So what’s inside release 0.1? Release 0.1 is supposed to be a CLI tool that users can use to check status of all URLs parsed from an input file. Sounds straightforward, right? “Just a CLI tool, it should be easy!” was my initial thought until I realized that there are many ways to create a CLI tool…BUT… in other languages rather than GO, the lovely language I decided to code with. At that moment, I knew I need to improvise. I read through most of the tutorial blogs I could find about GO CLI and spent decent amount of time looking at packages in GO document. For some days, that's what I did the whole day. Despite of being procrasted sometimes, hard works finally paid off. On Thursday, September 24th 2020, I proudly released my GO URLs CHECKER CLI (GUCC) v1.0.0.

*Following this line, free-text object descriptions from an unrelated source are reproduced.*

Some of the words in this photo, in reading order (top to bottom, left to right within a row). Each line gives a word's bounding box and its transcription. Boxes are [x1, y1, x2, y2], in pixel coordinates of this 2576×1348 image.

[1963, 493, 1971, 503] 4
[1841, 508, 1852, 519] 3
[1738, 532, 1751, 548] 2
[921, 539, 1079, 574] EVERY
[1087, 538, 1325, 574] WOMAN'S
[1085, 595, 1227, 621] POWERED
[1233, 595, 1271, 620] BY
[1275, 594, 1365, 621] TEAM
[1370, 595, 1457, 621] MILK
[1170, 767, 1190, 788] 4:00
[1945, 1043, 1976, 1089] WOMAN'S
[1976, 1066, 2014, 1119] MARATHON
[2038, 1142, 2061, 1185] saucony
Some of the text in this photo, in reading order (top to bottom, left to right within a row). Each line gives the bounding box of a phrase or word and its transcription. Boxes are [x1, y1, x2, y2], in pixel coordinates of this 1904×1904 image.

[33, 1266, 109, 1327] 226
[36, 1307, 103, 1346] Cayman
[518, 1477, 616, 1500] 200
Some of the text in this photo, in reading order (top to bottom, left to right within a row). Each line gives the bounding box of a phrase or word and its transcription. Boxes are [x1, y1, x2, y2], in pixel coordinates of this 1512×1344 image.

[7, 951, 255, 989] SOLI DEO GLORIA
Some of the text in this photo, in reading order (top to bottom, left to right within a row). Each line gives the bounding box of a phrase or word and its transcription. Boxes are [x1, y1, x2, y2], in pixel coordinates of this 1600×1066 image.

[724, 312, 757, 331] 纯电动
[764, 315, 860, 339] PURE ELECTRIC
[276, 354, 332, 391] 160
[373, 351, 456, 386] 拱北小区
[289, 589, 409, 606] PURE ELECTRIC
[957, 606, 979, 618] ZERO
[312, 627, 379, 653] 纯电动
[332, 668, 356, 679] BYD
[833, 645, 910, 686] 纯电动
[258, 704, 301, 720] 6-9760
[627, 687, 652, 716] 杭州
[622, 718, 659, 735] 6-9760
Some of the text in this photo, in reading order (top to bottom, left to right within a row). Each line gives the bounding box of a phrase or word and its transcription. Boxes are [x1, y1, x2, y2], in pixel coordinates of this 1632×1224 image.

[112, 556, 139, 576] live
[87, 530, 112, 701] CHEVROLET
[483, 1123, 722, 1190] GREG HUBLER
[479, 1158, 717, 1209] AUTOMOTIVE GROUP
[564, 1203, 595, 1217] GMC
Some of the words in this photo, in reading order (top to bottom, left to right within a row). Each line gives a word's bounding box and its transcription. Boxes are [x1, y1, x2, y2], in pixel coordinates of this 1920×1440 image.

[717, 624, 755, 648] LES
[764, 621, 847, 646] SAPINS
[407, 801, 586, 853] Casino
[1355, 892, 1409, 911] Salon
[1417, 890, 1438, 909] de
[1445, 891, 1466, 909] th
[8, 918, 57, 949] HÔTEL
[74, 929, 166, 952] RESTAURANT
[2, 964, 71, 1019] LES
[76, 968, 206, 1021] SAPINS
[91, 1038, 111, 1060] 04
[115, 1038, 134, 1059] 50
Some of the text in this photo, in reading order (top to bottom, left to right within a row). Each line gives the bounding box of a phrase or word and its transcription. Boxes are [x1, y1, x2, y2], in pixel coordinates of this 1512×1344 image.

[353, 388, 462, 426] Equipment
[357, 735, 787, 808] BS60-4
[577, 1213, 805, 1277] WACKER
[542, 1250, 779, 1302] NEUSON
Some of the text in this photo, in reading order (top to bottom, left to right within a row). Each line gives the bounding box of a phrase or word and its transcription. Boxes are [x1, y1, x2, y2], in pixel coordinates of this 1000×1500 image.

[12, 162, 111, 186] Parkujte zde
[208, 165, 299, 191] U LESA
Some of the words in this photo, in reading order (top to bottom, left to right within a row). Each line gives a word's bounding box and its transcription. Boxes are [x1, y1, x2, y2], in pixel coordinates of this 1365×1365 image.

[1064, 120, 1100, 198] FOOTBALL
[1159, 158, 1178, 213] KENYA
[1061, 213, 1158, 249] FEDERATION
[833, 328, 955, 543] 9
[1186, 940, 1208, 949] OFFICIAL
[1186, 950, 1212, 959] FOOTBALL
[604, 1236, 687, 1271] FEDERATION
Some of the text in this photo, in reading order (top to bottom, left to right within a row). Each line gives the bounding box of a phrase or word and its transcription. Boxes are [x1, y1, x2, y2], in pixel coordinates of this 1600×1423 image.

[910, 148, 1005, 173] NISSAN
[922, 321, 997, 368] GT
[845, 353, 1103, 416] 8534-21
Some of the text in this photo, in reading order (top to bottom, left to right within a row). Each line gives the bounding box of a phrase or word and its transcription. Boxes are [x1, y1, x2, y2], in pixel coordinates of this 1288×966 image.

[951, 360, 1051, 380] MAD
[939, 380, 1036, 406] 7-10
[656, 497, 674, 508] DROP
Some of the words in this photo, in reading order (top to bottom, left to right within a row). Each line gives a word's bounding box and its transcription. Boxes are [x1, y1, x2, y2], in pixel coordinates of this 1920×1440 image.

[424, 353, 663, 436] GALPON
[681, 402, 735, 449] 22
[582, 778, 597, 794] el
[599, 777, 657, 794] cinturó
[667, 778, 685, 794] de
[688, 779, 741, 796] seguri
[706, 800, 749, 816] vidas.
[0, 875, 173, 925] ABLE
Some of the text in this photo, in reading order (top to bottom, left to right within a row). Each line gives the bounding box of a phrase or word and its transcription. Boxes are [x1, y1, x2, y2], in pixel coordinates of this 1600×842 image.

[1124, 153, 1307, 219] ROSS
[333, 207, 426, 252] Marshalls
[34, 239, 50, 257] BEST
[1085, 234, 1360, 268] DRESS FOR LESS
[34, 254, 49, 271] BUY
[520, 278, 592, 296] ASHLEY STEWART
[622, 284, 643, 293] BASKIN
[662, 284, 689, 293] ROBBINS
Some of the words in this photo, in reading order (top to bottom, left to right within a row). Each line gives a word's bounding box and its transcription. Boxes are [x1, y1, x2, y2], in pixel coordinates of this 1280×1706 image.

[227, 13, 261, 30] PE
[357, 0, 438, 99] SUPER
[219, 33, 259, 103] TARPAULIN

One of the difficulties I have faced writing this program is to determine its scope. My bad habit is as I start adding more codes into my program, I also create more ideas and hence making my program too large and unorganized. I have tried to follow good practices and eliminate this habit. As a result, my final released version is modular and dry.

Anyway, I think I really need to start talking about my program rather than my struggling or professor Dave might be mad. So here we go! GUCC allows users to pass in a filename as command-line input. The program will then read the file and convert it into a big string. Then the parsing happens by using a very long regex to match all valid URLs.The URLs are subsequently put into a slice (GO name for list/array). Then the program simply loops through each link in the slice and makes a HEAD request to it. At this point, my program has already fulfilled the basic requirements of release 0.1. However, it was very slow because each link is checked synchronously. To increase the performance, I decided to implement Go routine, Go’s solution for concurrency. Now everytime a link is checked, an independent go routine will be created and that routine can wait for response while the main routine continue creating another routine for the next link. So how fast my program has become? It checked 769 links in ~2.5 seconds. Some “WOW” maybe?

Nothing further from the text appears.